Over a Quarter of the “Research Studies” Are Not Even Published

First of all, 9 of the 34 cited studies “supporting Atkins”[642] are not published studies at all,[643-652] but merely abstracts (brief paragraph(s) written about an unpublished study) presented at meetings, which in general, wrote an editor of the New England Journal of Medicine, “must be presumed to be unreliable sources of public information.”[653] This is another tried and true tobacco industry strategy.[654]

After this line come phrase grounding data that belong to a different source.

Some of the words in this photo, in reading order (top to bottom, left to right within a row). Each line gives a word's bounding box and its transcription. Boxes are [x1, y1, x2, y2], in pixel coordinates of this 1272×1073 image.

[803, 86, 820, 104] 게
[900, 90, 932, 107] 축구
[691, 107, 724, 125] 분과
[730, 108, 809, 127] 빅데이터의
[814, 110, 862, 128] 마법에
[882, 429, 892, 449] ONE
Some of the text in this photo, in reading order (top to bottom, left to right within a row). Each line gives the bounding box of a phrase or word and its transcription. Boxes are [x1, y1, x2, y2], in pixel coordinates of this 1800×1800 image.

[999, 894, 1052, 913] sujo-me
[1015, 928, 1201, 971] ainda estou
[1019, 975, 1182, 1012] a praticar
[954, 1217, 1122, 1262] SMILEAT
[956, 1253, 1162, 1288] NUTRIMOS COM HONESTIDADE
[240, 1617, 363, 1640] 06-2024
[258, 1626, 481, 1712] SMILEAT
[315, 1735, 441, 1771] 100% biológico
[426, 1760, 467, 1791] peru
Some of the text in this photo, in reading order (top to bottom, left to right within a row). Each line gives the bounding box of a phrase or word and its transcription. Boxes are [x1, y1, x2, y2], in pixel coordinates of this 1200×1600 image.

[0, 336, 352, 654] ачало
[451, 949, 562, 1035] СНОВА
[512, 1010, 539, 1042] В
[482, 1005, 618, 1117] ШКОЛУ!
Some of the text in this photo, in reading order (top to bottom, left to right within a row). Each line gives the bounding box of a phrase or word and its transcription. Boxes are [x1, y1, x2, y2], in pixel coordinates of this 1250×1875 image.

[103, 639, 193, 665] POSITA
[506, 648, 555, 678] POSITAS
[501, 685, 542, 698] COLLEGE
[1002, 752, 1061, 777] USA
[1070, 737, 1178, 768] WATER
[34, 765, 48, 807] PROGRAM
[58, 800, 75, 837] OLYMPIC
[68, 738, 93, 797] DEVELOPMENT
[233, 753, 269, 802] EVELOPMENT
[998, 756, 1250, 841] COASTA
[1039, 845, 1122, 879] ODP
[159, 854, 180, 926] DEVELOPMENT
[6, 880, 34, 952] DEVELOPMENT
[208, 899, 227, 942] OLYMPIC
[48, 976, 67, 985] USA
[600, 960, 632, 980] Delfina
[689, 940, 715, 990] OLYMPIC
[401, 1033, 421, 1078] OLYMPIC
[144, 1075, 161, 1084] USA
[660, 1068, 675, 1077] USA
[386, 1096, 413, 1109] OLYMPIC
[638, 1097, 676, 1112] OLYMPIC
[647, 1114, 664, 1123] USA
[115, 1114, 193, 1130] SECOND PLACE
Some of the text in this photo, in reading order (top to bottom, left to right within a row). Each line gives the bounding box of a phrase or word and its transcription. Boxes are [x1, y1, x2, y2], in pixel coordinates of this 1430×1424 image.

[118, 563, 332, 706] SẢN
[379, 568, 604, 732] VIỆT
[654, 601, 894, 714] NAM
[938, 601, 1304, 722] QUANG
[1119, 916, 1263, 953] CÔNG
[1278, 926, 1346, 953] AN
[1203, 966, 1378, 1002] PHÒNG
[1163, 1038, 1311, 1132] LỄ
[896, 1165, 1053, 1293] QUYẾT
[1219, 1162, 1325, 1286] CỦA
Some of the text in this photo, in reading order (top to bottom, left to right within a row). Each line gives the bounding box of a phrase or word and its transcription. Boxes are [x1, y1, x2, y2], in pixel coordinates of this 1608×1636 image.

Information provided in abstracts is considered “of little use to the general medical community” because the information presented is “limited and insufficient to allow critical appraisal of the work.” “Abstracts of papers presented at meeting,” concluded a review in the Journal of the American Medical Association, “have been seen as an untrustworthy basis for scientific communication.”[656]

Another review states: “the validity of material presented in abstract form but not published is difficult to evaluate; abstracts usually have not undergone rigorous peer review, and citation of data found only in abstract form may be misleading or inappropriate. Last, several studies have shown that abstracts are less likely to be published if their results are considered negative rather than positive, leading to potential problems with publication bias when meta-analyses of the existing literature are performed.”[655] Abstracts “cannot and should not be considered equivalent to peer-reviewed articles.”[665]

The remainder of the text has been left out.